Consequently we feel that our mother is to blame for our problems. It could be that she is, but it could also be that she isn’t. In a way it doesn’t matter, because we perceive the lack to be her fault. Either way God has provided a loving mother to heal our “mother wound,” and that mother is Mary.

There’s something beautifully supernatural and wonderful about Mary, and the graces she opens up to us are available to everyone through the simple prayers of the Rosary.

Praying the Rosary for inner healing

About 10 years ago I wrote a book that has transformed many lives. I had learned through my own prayer life that the prayers of Mary were powerful in their healing effect. The Rosary opened up new ways of connecting with Mother Mary, and I was able to share this marvelous plan in my book, Praying the Rosary for Inner Healing (Our Sunday Visitor).

The idea is simple: the mysteries of the Rosary parallel the stages of our human lives. For example the Annunciation connects with the moment of our conception. The Visitation is when Jesus was in Mary’s womb, and that connects with the nine months of our gestation. The Nativity connects with our birth. The Presentation in the Temple parallels our childhood while Finding Jesus in the Temple connects with adolescence. As we meditate on the perfect love experienced by Jesus and Mary, we bring into the prayers any traumas, difficulties, or lack of love we experienced at those stages of our life.

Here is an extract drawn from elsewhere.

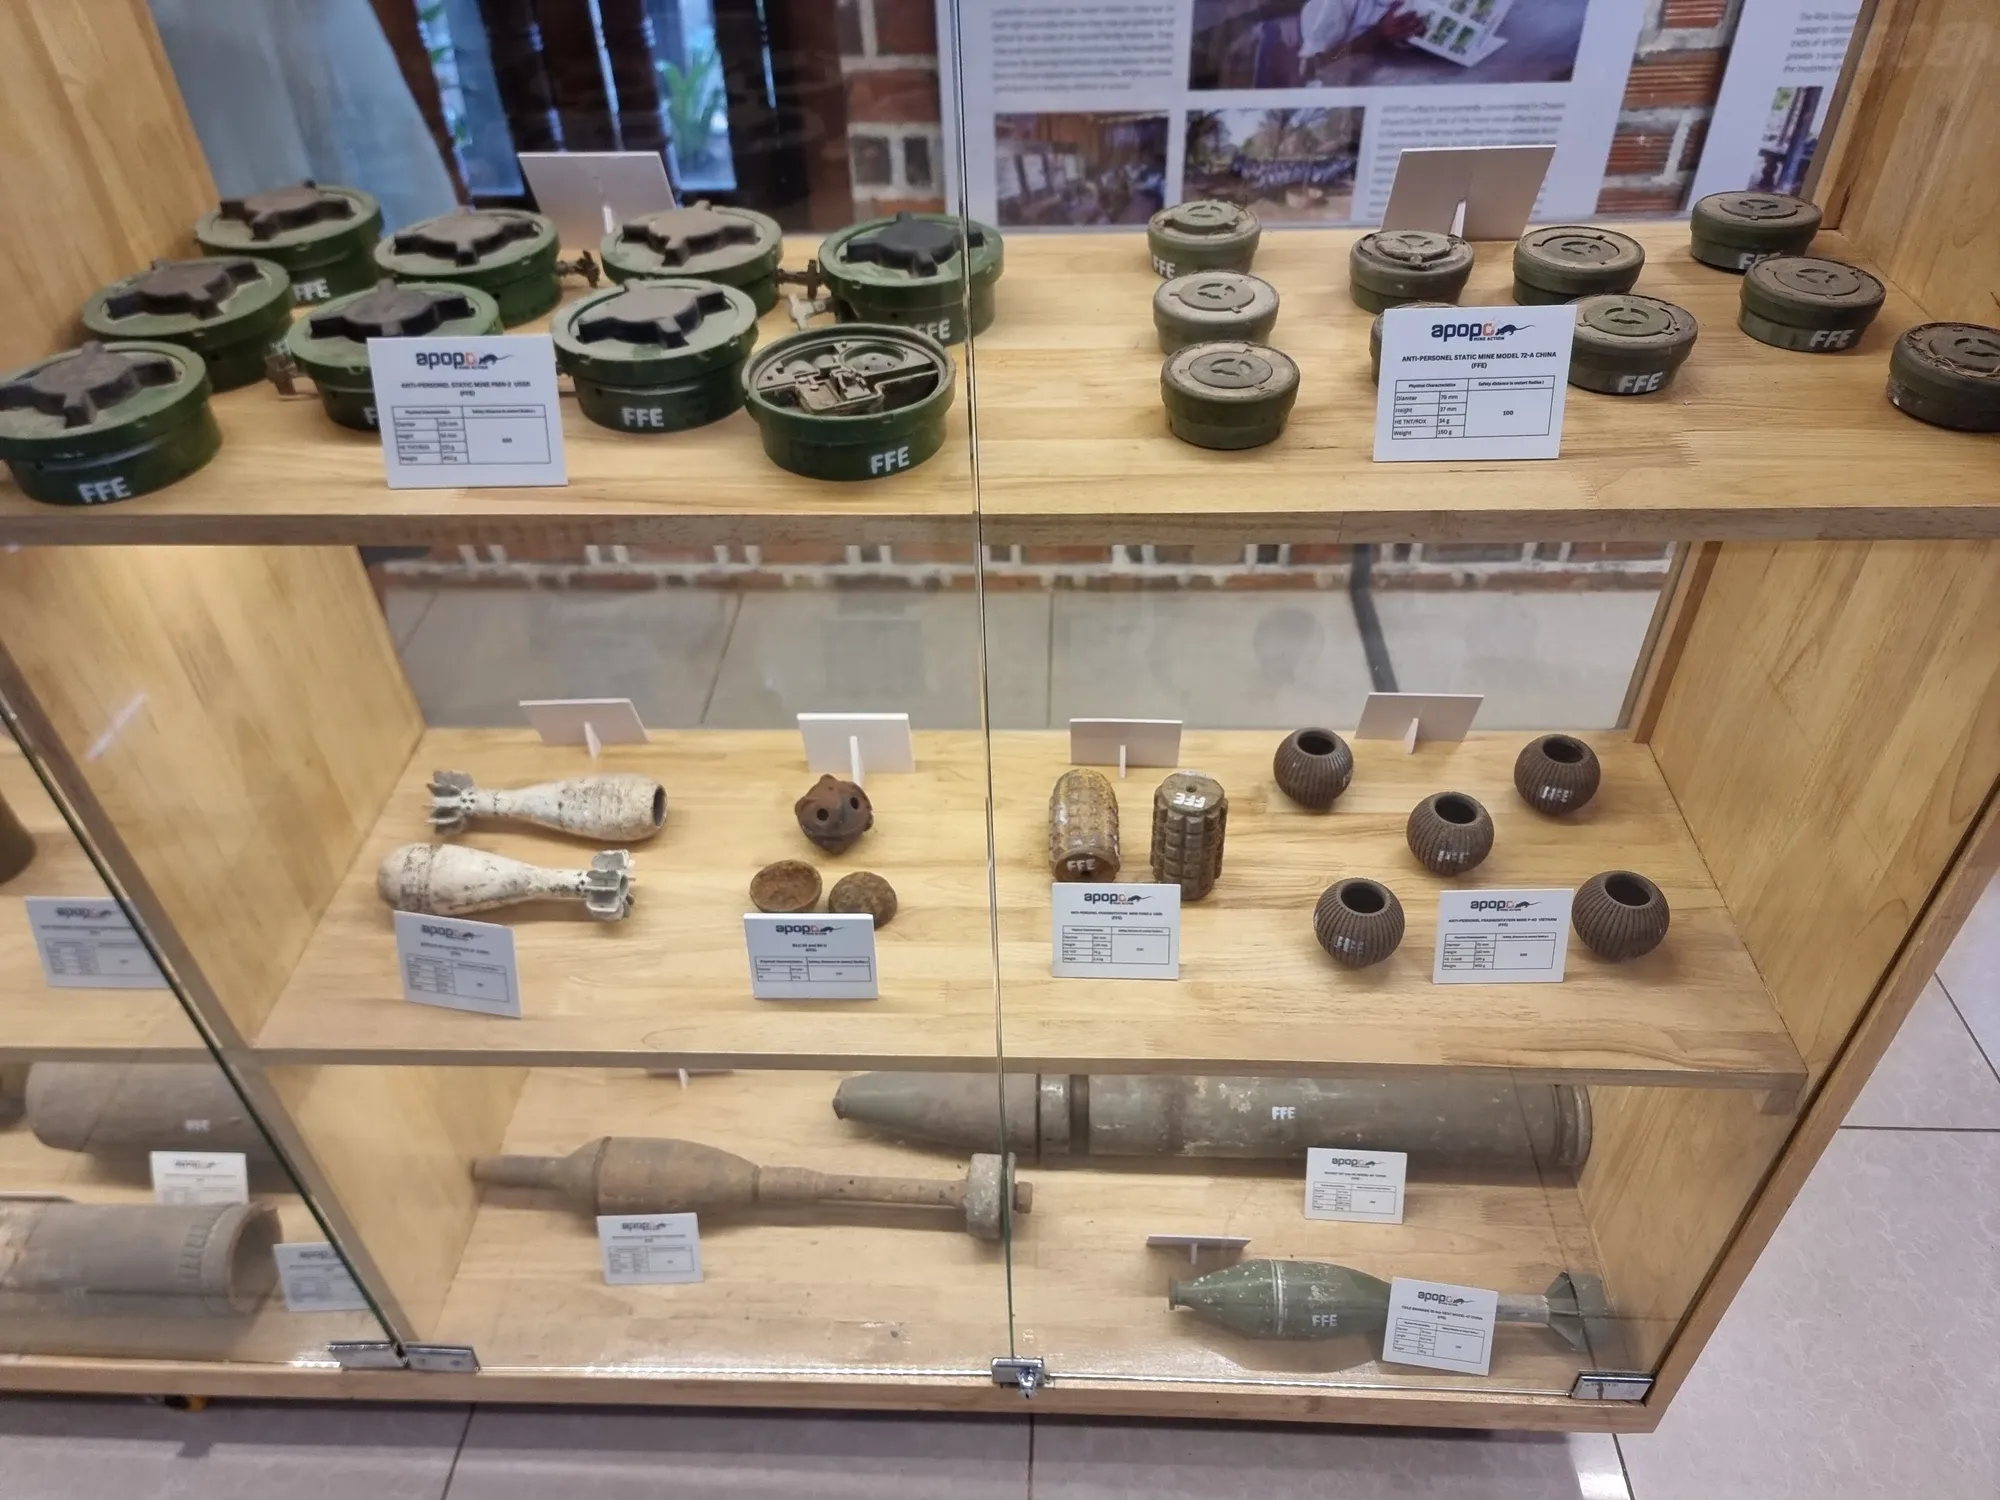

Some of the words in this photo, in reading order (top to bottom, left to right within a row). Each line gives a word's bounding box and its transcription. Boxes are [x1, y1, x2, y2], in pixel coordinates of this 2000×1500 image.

Just as Jesus experienced the perfect love of a perfect mother, as we pray the mysteries of the Rosary, we can connect with that same perfect mother and her perfect love. As we do, our own “mother wound” is gradually healed. The God-shaped space in our lives is filled, and the root causes of our insecurities, selfishness, stresses, and strains are resolved. To reach this resolution, we need to cast out into the deep.

Duc in altum

St. John Paul II used to echo the words of the Gospel when Jesus told the discouraged disciples in the fishing boat, “Duc in altum!— “Cast out into the deep!”  Through the traditional prayer of the Rosary, we are empowered to plunge into the depths of our hearts and minds, and there find the full nets of healing.

The “mother wound” exists very deep in our lives because that relationship is at the very beginning of our existence. Because it is at the foundation of our lives, the “mother wound” is difficult to access. The wound lies below our conscious experience, and we are often unaware of it completely. The wound also lies below the level of words and language, so it is not easy to engage with it.

Repetitious prayer and meditation are the methods God has given to access the deepest part of our lives. Repetitious prayer occupies the linguistic channel of our mind, allowing the non-linguistic areas to be gently accessed. Meditation illuminates those areas through imagination and visualization. It is therefore through the simple recitation of the Rosary and meditation on the mysteries of the Gospel that Nurse Mary brings her mother’s love to touch us and administer Doctor Jesus’ healing.

The beauty of Marian devotions with the Rosary is that it is simple enough for any Catholic to use. The in-depth healing of the “mother wound” is completed as we pray the Rosary, even if we are not aware of what is happening. In this beautiful way God brings reconciliation, light, forgiveness, and healing to multitudes of his children.

No wonder, then, that so many popes, saints, and spiritual masters remind us over and over again to pray the Rosary, for there we will find great healing of body, mind, and spirit.